快感缺失是精神分裂症阴性症状的核心表现，指对快乐的体验能力下降，严重影响患者的社会功能和预后。这种异常情感体验的神经机制在于前额叶多巴胺能不足。既往研究显示精神分裂症患者存在多种免疫功能异常，补体作为免疫调节单位与阴性症状之间存在重要联系。补体因子H（CFH）是补体激活途径的调控因子。我们在前期研究中发现CFH基因对精神分裂症阴性症状严重程度影响显著。此外，我们还发现CFH基因可能通过调控脑内神经免疫反应影响情感体验过程。因此，本研究假设CFH可能通过介导炎症反应影响精神分裂症患者前额叶多巴胺能神经元引起多巴胺能低下，导致患者出现快感缺失。在本研究中，我们通过临床和前临床研究，分别从临床表型、行为学和分子生物学等多个层面探索CFH在精神分裂症快感缺失中的作用和机制，期望发现快感缺失表型新的分子靶点，对于精神分裂症的临床干预、康复治疗以及新药研发具有重要的理论价值和现实意义。

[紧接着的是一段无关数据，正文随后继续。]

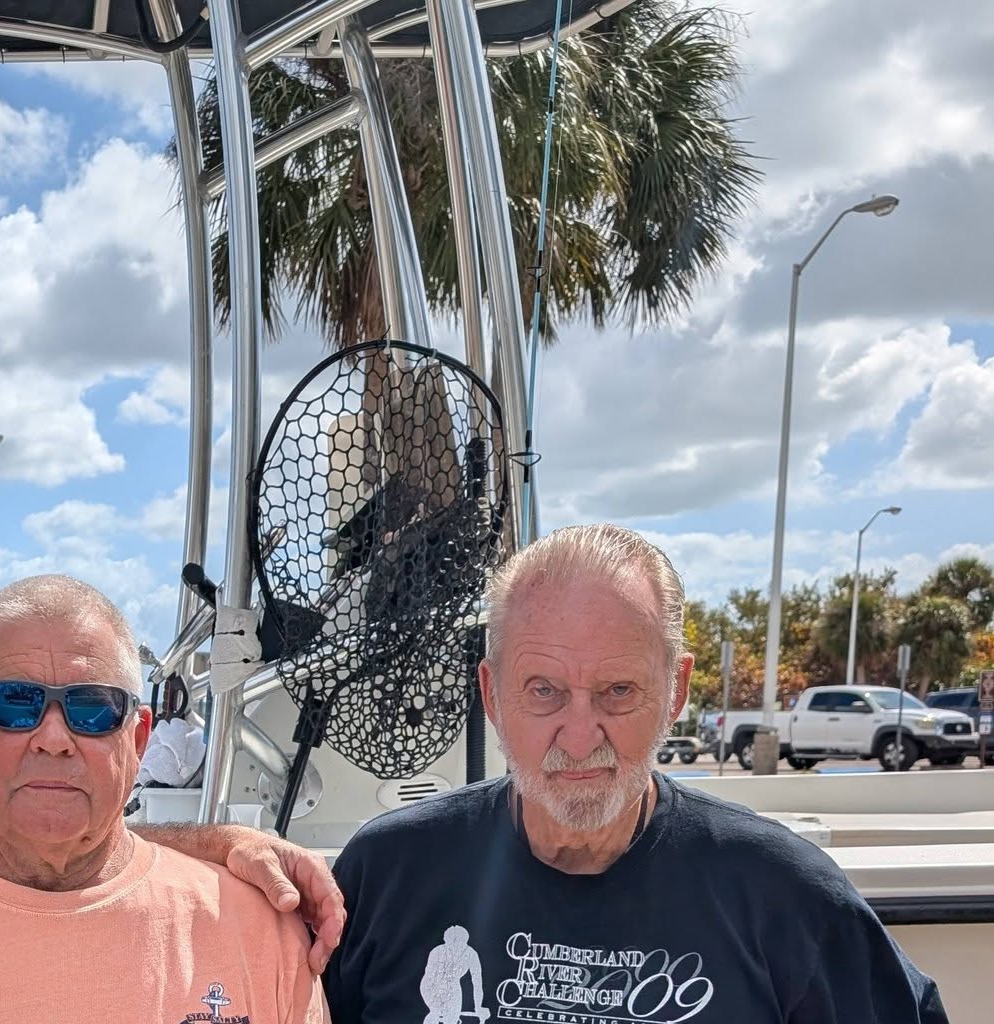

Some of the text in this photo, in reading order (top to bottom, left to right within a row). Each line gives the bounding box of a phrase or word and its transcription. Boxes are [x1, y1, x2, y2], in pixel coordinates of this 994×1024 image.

[506, 932, 646, 968] CUMBERLAND
[517, 957, 583, 984] RIVER
[496, 978, 624, 1007] CHALLENGE
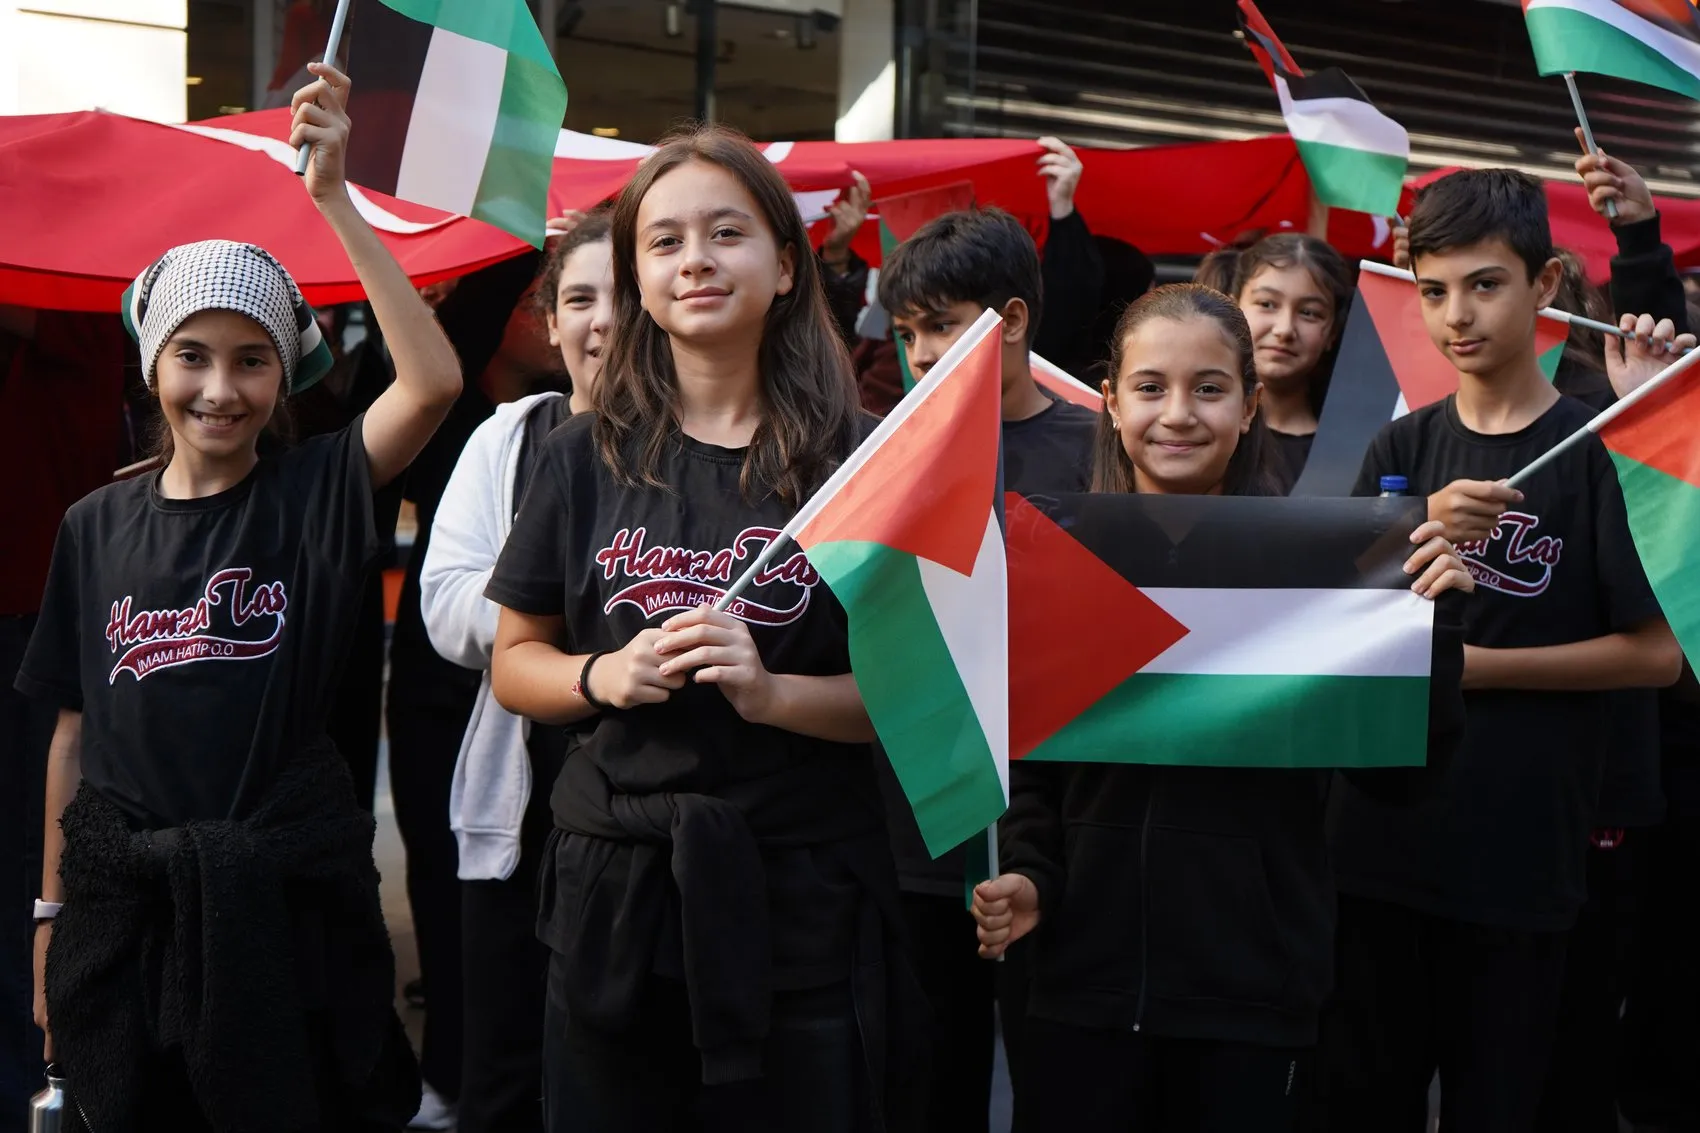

Anhedonia is the core feature of negative symptoms in schizophrenia. It means the diminished capacity to experience pleasure and causes serous effect on the social function and prognosis in patients with schizophrenia. The mechanism of such aberrant emotional experience lies in lack of dopaminergic release in prefrontal cortex. Previous studies showed that schizophrenia patients have many abnormal immune responses. Complement acts as a key system for immune regulation and has implication with negative symptoms in schizophrenia. Complement factor H (CFH) is the modulation factor in complement activation pathway. Our previous study showed that CFH gene influences the severity of negative symptoms in schizophrenia. Additionally, we found that CFH gene may influence the emotional experience through modulating immune responses in brain. Therefore, we hypothesized that CFH may decrease domapinergic release through neuroinflammation response and lead to anhedonia in patients with schizophrenia. In this study, we conducted a clinical and preclinical study to explore the effect and mechanism of CFH on anhedonia in schizophrenia from the levels of clinical features, behavior and molecular biology, aiming to find the novel molecular target of anhedonia. This study has important theoretical and practical value in clinical intervention, rehabilitation therapy and drug discovery.